The 40-bed hospital in Waynesboro, in rural east Georgia, was losing more than $1 million per year on its obstetrical services.
Given the high overhead, a hospital must deliver 500 babies or more a year to break even on that service, says Stephen Shepherd, CEO of Burke Medical Center. “In rural areas, getting up to 500 babies is tough.’’
And last summer, the hospital’s lone pediatrician retired from the medical staff.
Burke Medical sought to replace him, and while it was doing so, its sole OB/GYN left to practice in Augusta.
So in December, with no OB on board, Burke Medical Center closed its obstetrics program. Unless a birth is considered so imminent that it’s an emergency — in which case the delivery is performed in Burke’s ER — pregnant women must travel 25 miles or so to Augusta to have their babies.
The hospital’s decision to close its labor and delivery service continues a trend in Georgia and elsewhere.
Many rural hospitals in the state have given up on offering obstetric services over the past decade.
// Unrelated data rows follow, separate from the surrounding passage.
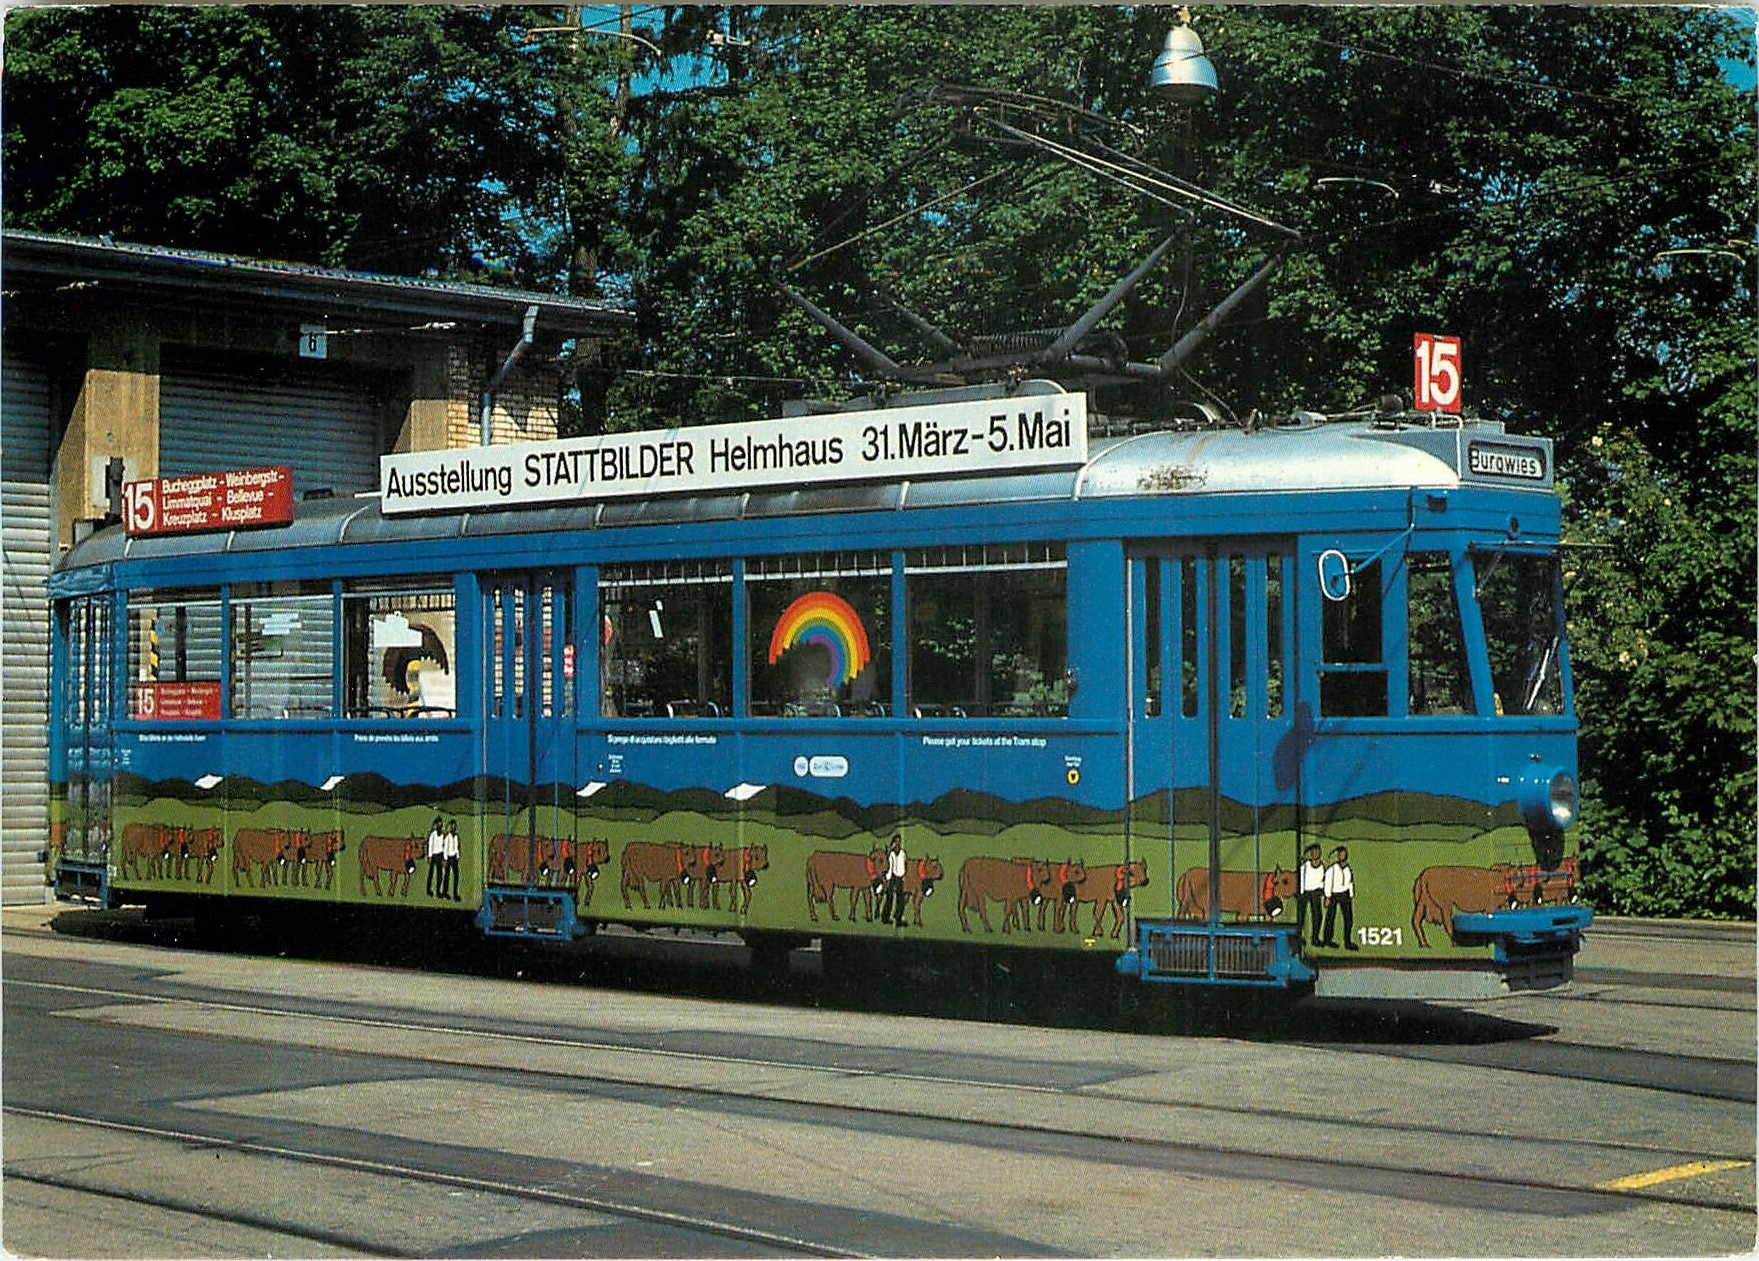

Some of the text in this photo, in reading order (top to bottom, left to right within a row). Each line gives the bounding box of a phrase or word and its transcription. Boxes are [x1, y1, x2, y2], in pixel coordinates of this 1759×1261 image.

[1416, 340, 1460, 405] 15
[386, 460, 513, 499] Ausstellung
[524, 440, 696, 488] STATTBILDER
[710, 433, 844, 473] Helmhaus
[162, 475, 218, 494] Bucheggplatz
[123, 482, 155, 531] 15
[162, 492, 213, 511] Limmatquai
[226, 489, 265, 505] Bellevue
[163, 509, 208, 528] Kreuzplatz
[221, 505, 263, 524] Klusplatz
[137, 687, 155, 715] 15
[1357, 927, 1402, 946] 1521
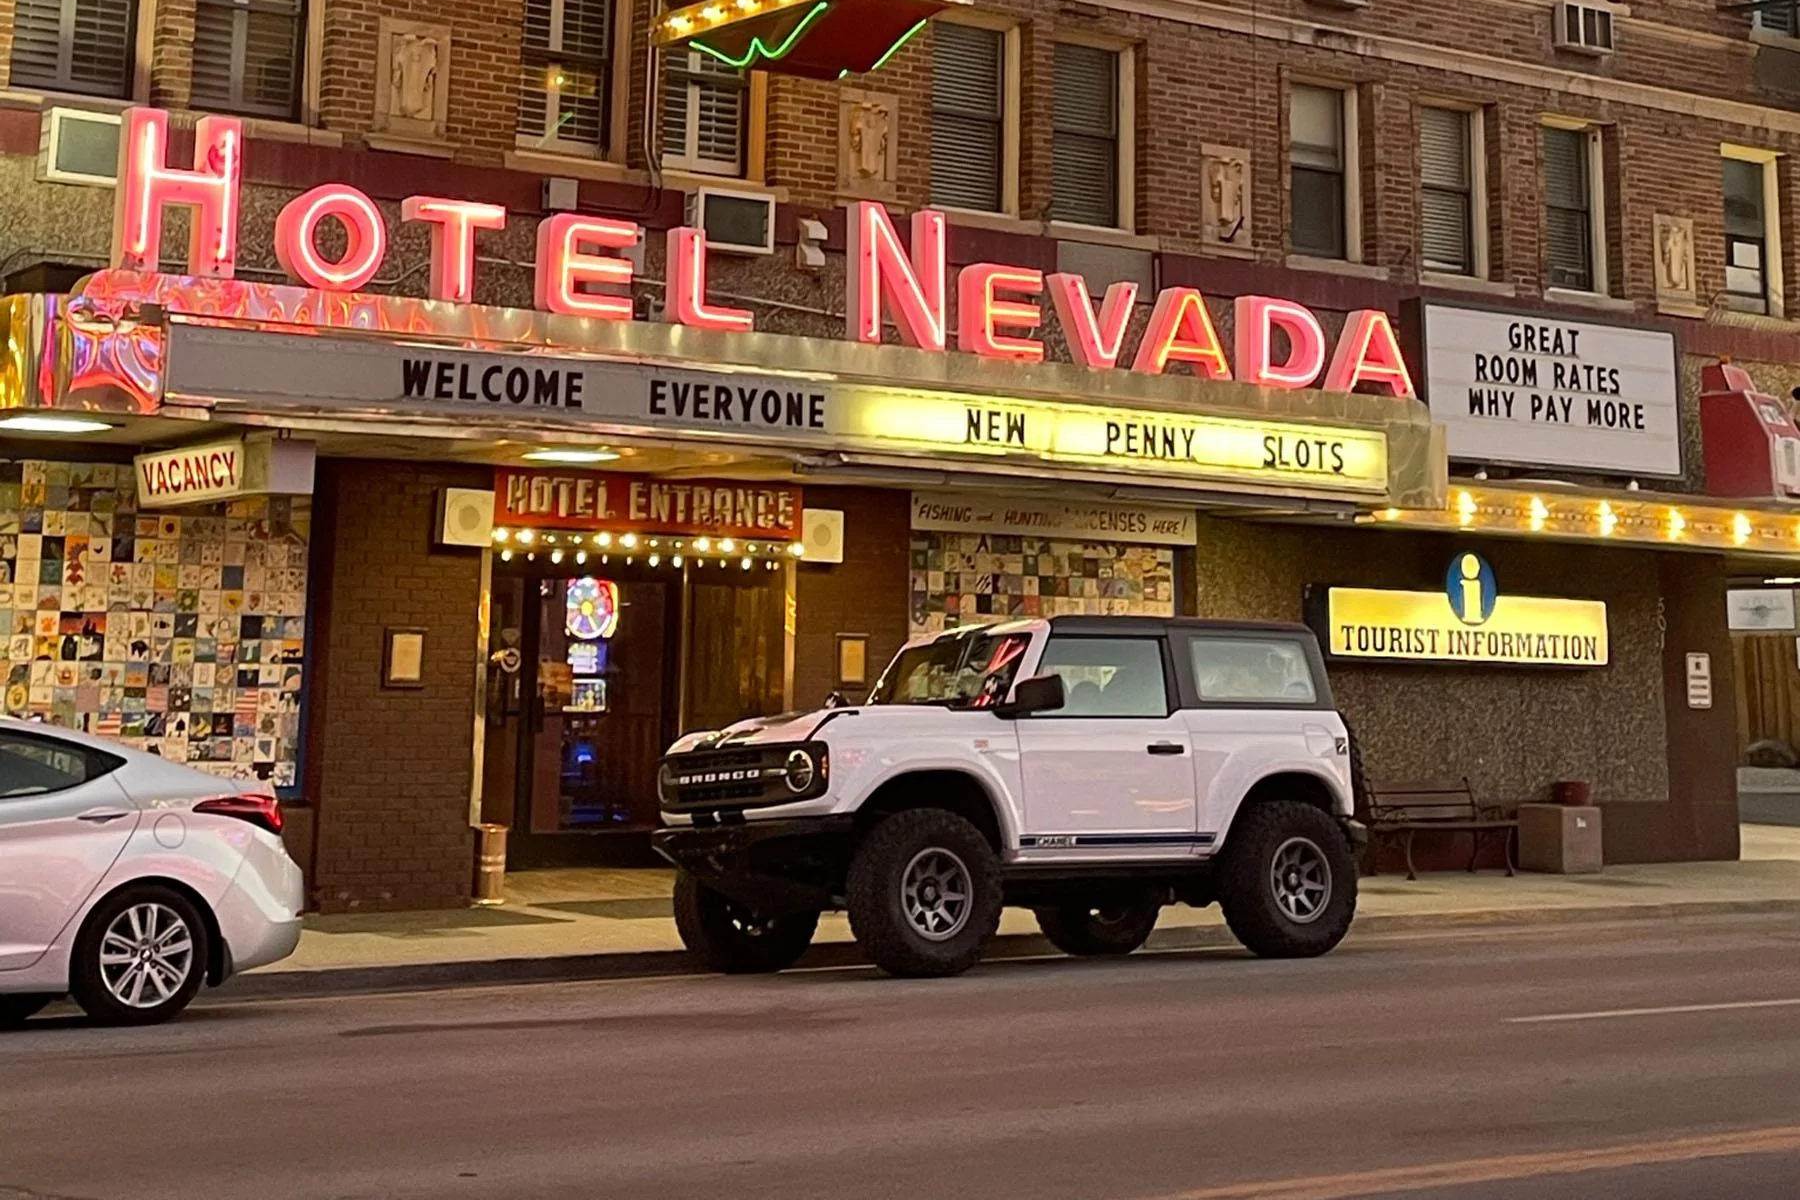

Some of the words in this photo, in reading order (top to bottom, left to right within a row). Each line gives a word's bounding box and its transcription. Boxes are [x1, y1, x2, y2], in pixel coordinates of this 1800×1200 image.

[110, 106, 755, 332] HOTEL
[846, 200, 1418, 399] NEVADA
[1508, 322, 1580, 356] GREAT
[1475, 353, 1537, 387] ROOM
[1553, 362, 1620, 395] RATES
[402, 359, 584, 408] WELCOME
[649, 379, 825, 428] EVERYONE
[966, 408, 1026, 445] NEW
[1105, 421, 1196, 459] PENNY
[1263, 435, 1345, 473] SLOTS
[1468, 387, 1515, 418] WHY
[1531, 393, 1574, 424] PAY
[1587, 400, 1645, 430] MORE
[142, 451, 236, 497] VACANCY
[507, 474, 615, 520] HOTEL
[629, 481, 794, 530] ENTRANCE
[918, 504, 973, 523] FISHING
[1152, 515, 1188, 536] HERE!
[1340, 625, 1440, 655] TOURIST
[1448, 629, 1598, 661] INFORMATION
[679, 769, 760, 785] BRONCO
One reason is that it’s difficult to maintain a high-cost service with low reimbursement rates; another is that many rural hospitals struggle to recruit physicians to run such a program.
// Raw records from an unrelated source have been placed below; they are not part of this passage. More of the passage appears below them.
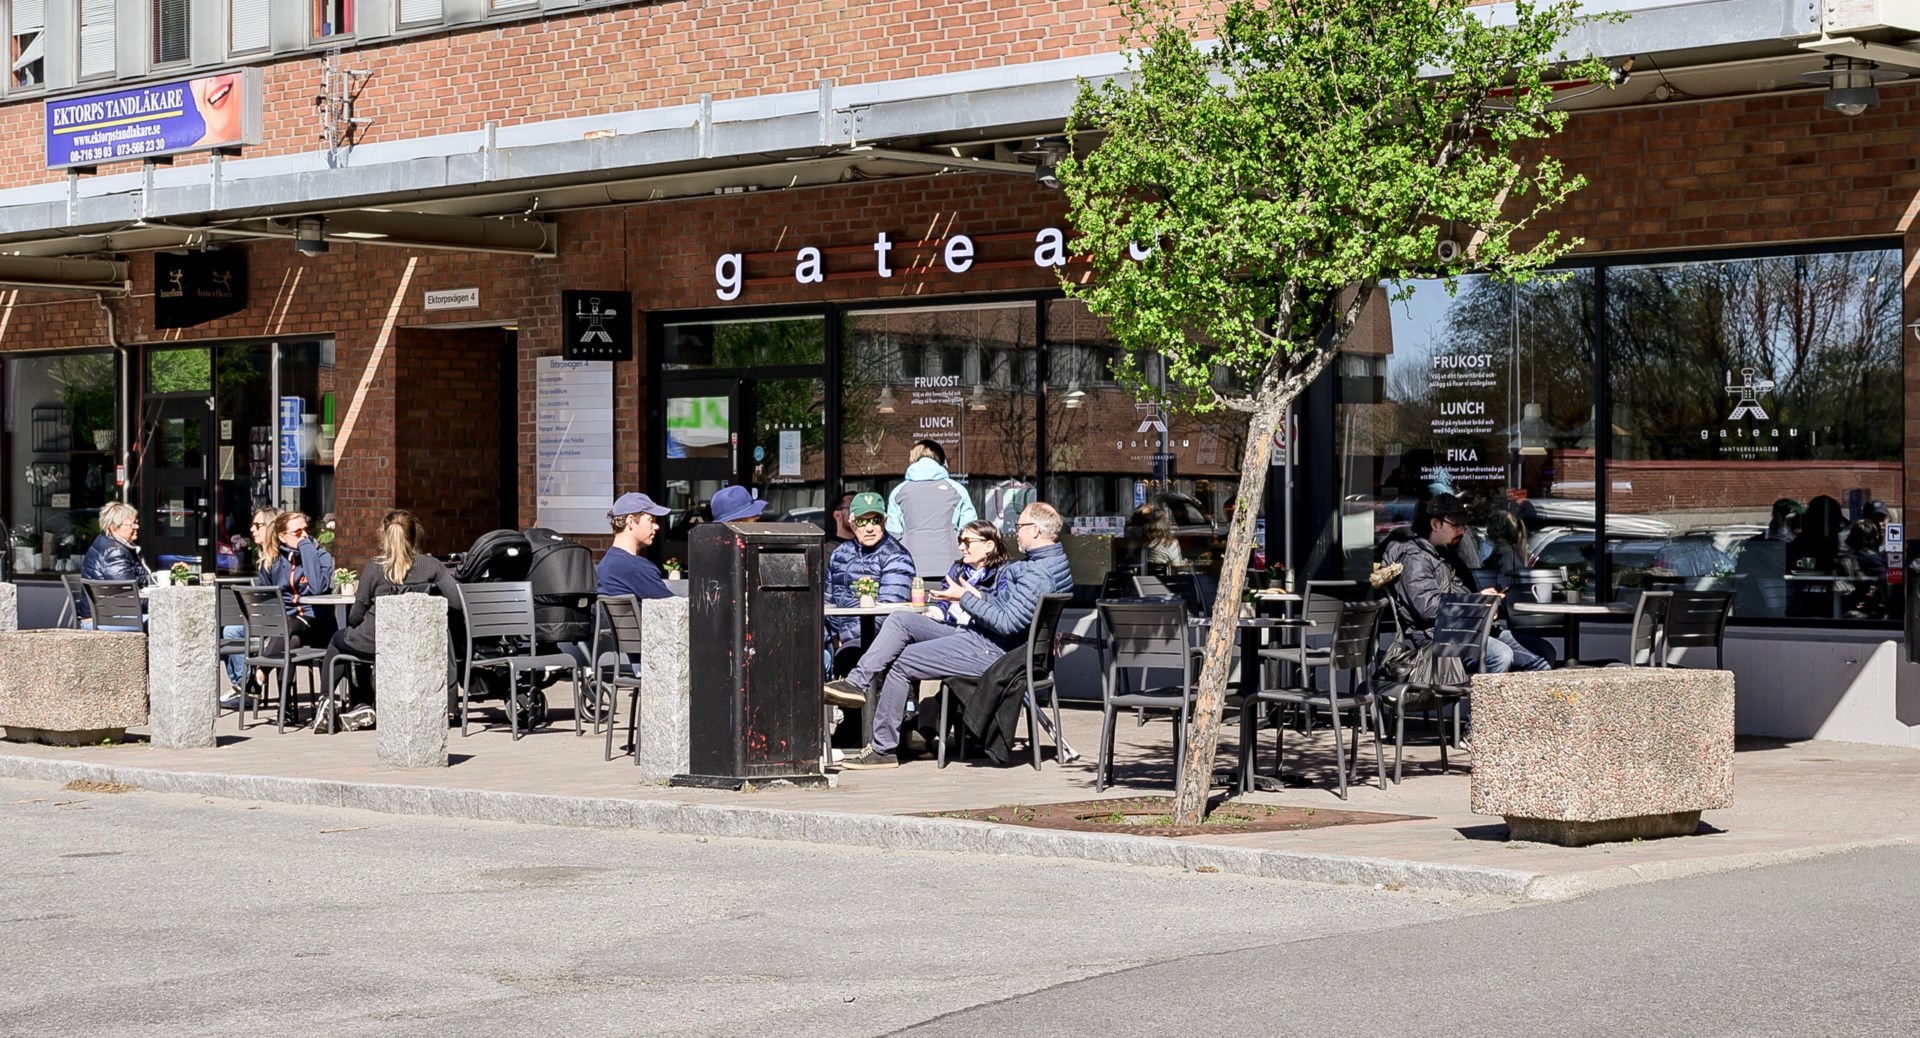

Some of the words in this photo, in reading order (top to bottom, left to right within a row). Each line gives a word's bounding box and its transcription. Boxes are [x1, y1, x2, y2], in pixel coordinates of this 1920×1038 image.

[53, 102, 104, 126] EKTORPS
[106, 90, 183, 118] TANDLÄKARE
[73, 124, 161, 146] www.ektorpstandlakare.se
[70, 149, 93, 162] 08-716
[94, 148, 102, 159] 39
[103, 146, 112, 158] 03
[146, 140, 155, 152] 23
[156, 138, 165, 150] 30
[428, 294, 468, 304] Ektorpsvägen
[471, 292, 475, 301] 4
[1433, 354, 1493, 368] FRUKOST
[914, 375, 959, 388] FRUKOST
[1441, 402, 1484, 415] LUNCH
[765, 422, 812, 430] gateau
[920, 416, 953, 428] LUNCH
[1700, 427, 1798, 440] gateau
[1117, 439, 1189, 449] gateau
[1447, 449, 1478, 461] FIKA
Among Georgia’s “critical access” hospitals –- rural facilities with no more than 25 inpatient beds –- 32 of 34 have given up maternity services, according to Jimmy Lewis of HomeTown Health, a rural hospital organization.
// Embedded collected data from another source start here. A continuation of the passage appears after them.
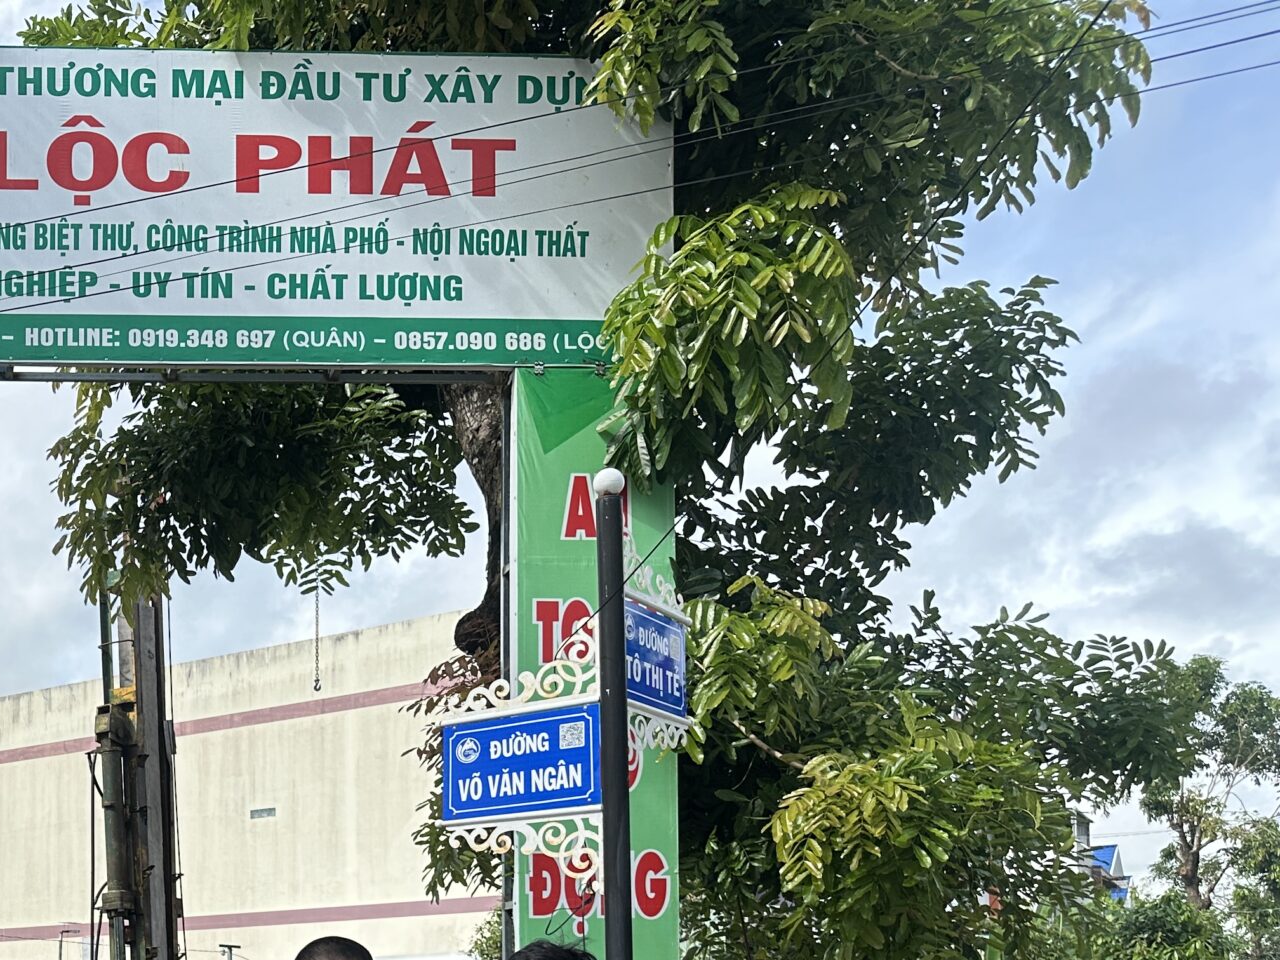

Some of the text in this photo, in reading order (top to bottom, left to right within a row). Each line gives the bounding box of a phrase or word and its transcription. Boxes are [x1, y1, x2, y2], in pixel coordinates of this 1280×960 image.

[172, 69, 244, 106] MẠI
[259, 58, 341, 101] ĐẦU
[355, 67, 412, 102] TƯ
[423, 66, 503, 103] XÂY
[235, 120, 517, 197] PHÁT
[34, 217, 83, 257] BIỆT
[89, 220, 139, 257] THỰ,
[146, 218, 209, 253] CÔNG
[215, 219, 282, 254] TRÌNH
[289, 219, 337, 254] NHÀ
[343, 217, 390, 255] PHỐ
[412, 222, 451, 262] NỘI
[459, 227, 528, 262] NGOẠI
[534, 220, 590, 258] THẤT
[131, 271, 173, 298] UY
[181, 266, 234, 299] TÍN
[266, 264, 348, 300] CHẤT
[358, 271, 464, 307] LƯỢNG
[24, 327, 121, 348] HOTLINE:
[128, 328, 228, 349] 0919.348
[235, 329, 276, 349] 697
[282, 326, 366, 352] (QUÂN)
[393, 331, 497, 351] 0857.090
[504, 332, 546, 351] 686
[639, 626, 669, 657] ĐƯỜNG
[625, 652, 642, 683] TÔ
[643, 661, 664, 697] THỊ
[489, 731, 550, 760] ĐƯỜNG
[458, 759, 583, 802] VÕ VĂN NGÂN
About 60 percent of births in Georgia every year are covered by Medicaid, and Georgia physicians and hospitals say the government insurance program generally does not pay them enough to make up for the costs of the care. Georgia OB/GYNs have not had a Medicaid pay increase in more than a decade.
“Payments don’t cover deliveries and follow-up care,’’ says Lewis. And if there’s only one OB in an area, that doctor is always “on call,’’ he adds.
A shortage that just keeps growing
Pat Cota, executive director of the Georgia OBGyn Society, says roughly 40 counties in Georgia –- one in every four –- has no OB/GYN. “Between Athens and Augusta, there’s no delivery hospital.’’ Cota says. “It continues to get worse and worse.”
There are only five obstetrics residency program in the state -– two in Atlanta and one each in Augusta, Macon and Savannah.
“We’ve got to look at some kind of model to provide access to OB for women in rural areas,’’ Cota says. “It involves adequate payment.’’
Obstetricians will not be getting a Medicaid pay raise this year from the federal Affordable Care Act, unlike pediatricians, internists and family practice doctors. In fact, OB/GYNs could take a slight pay cut under Gov. Nathan Deal’s proposed budget.
Cota also says recent legislation in Georgia is a deterrent for some OB/GYNs to practice in the state. Last year, the Georgia General Assembly passed a bill that generally bans abortion after 20 weeks of pregnancy, reducing by about six weeks the length of time during which women in Georgia may have elective abortion. Critics of the law say it puts doctors at risk who work with difficult pregnancies.
Burke Medical Center, the sole hospital in Burke County, has been losing money for several years. The remaining doctors, though, are providing good care in the area, Shepherd says. “There is still excellent care available in Burke County,’’ he says.
Women in the county — many of them teenagers — get prenatal care through family medicine physicians and nurse practitioners in the area. Shepherd says, “If the mother is in active labor, we do [the delivery] in the ER.’’ The hospital has retained its OB nurses, he adds.
A lot of time in the car
The drive from Waynesboro to an Augusta hospital takes about 45 minutes, says Dr. Paul Browne, director of maternal-fetal medicine at Georgia Regents University in Augusta, which is helping Burke County with its prenatal care.
A long car ride to the delivery room can raise the chance of a bad health outcome for the baby or the mother, Browne adds.
Infant mortality is improving in the state, though Georgia still ranks in the bottom 10 states on that measure, Browne says. But he also says the maternal death rate in the state is getting worse.
One positive development, Browne notes, is that the Ronald McDonald House in Augusta, run by an international charity that helps ailing children and their families, has provided lodging to at-risk expectant mothers. That allows them to stay close to a hospital before delivering.
In rural areas, helicopter and ambulance transfers to a large hospital are available when there are serious medical complications for mothers and infants.
Increased reimbursement for this emergency transportation, as well as for physicians, is a critical need, Browne says. But he acknowledges that it’s hard to persuade budget makers to include such funds given the state’s financial crunch.
The big question, he says, is: “Will the state subsidize rural health care in Georgia?”